I thought carefully about how to say what I wanted to say. “Mrs. Burke, there’s a reason the police aren’t doing anything. No, listen to me. There’s a reason. They found her in her bathtub with a copy of Final Exit on the floor and a plastic bag over her head.” I took her hand, held onto it even when she tried to shake me loose. “They found sedatives in her system, the newspapers said at least twenty pills. Nobody forced her to take those pills. Nobody put her in that bathtub. Nobody made her read that book.”

That wasn’t entirely true, of course. She’d found the book on the table next to my bed.

“Mrs. Burke,” I said, “I know you don’t want to hear this, but Dorrie’s death—Dorothy’s death—probably was what it looked like.”

Her hand leaped out of mine. The index finger jabbed at my face while the rest of the fingers coiled into a fist. “That’s bullshit, young man, and you know it. She did not kill herself. My daughter would never do that. You should be ashamed of yourself.”

I didn’t say anything.

“What’s wrong with you?” She didn’t wait for an answer, which was just as well because I didn’t have one to give her. “I’ll find someone,” she said. “If you won’t help me, I’m going to find someone else who will. But if, because you didn’t help, the person who did this to my daughter gets away with it, if my daughter’s killer gets away because of you, I want to know how you’ll live with yourself.” She was practically shouting now, and the sound had brought Lane to the doorway from his office across the hall. He stood there in his suit jacket and his loosened necktie looking desperately unhappy.

“Mrs. Burke? Please, John has work he needs to finish up tonight.”

Dorrie’s mother stood between us, looking at each of us in turn the way a bull might look at a pair of picadors. Then she gathered herself and shoved past Lane, walking in silence down the hall to the elevator. “Let her go,” he said, but I followed her.

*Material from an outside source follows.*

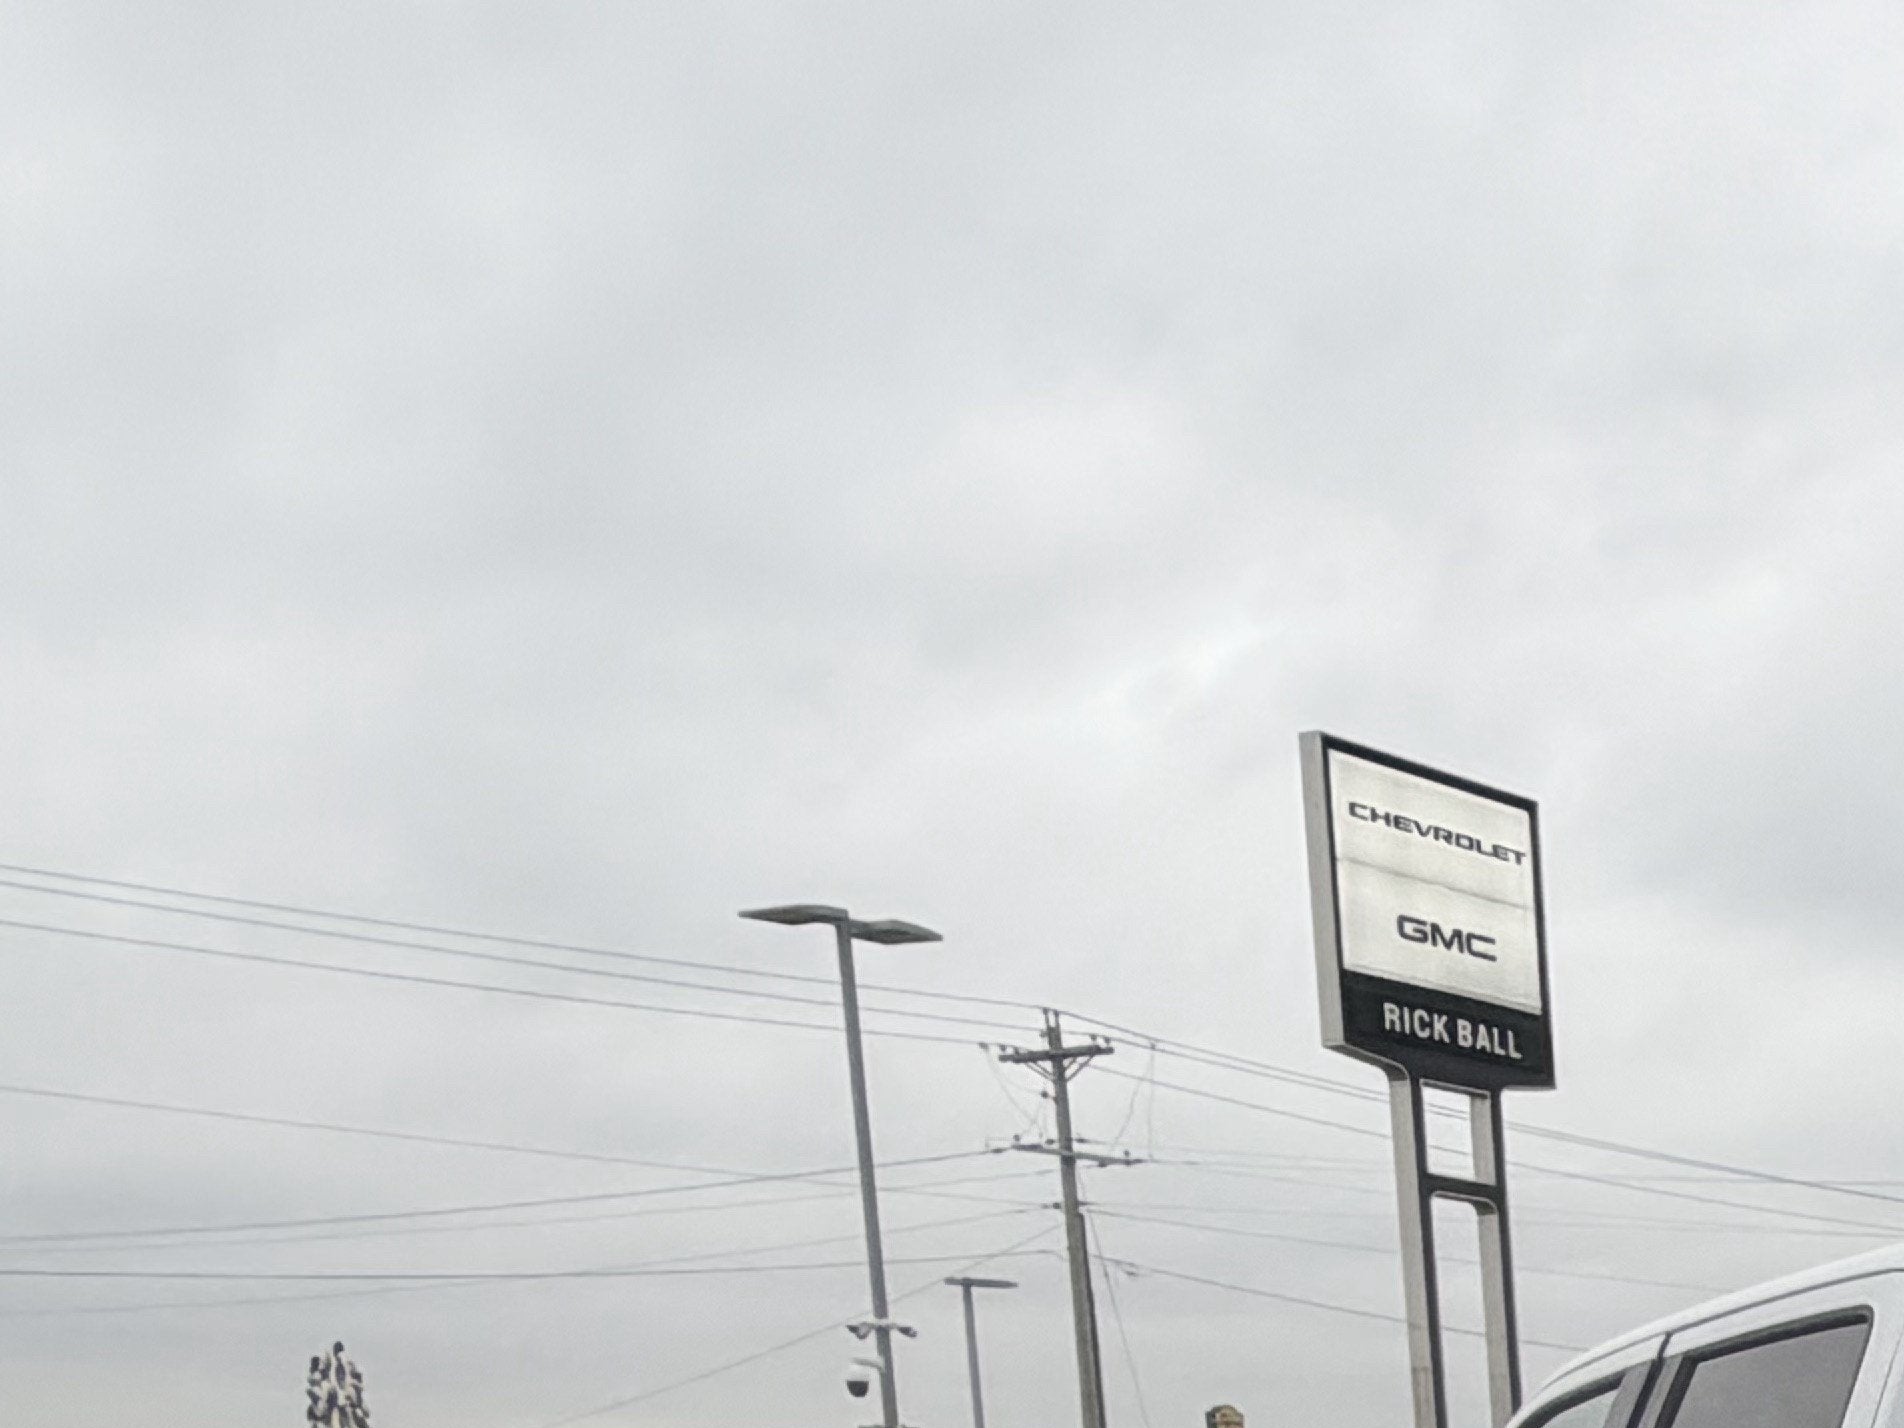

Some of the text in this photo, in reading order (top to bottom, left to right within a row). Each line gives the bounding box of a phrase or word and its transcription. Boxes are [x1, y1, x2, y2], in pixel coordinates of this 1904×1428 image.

[1348, 802, 1527, 866] CHEVROLET
[1397, 914, 1498, 963] GMC
[1383, 1002, 1522, 1060] RICK BALL

“I’m not finished,” she said as she waited for the elevator to arrive. The building is only five stories tall, but the writing department is on the fifth and the elevator takes forever to drag itself to the top.

Something in my face must have made her think I doubted her. “I’m not,” she said.

I didn’t doubt her. I wished I did.

“Listen,” I said. I grabbed a piece of paper someone had scotch-taped to the wall (“Submit to Quarto!”), turned it over, and took a pen out of my pocket. “I’ll give you the name of someone I know who can help you.” I wrote a name and phone number on the back of the piece of paper. “She’s very good at what she does. Better than I ever was.”

The indicator next to the elevator door lit up and the door sluggishly slid open. A maintenance man got out, pulling a cart of cleaning supplies behind him.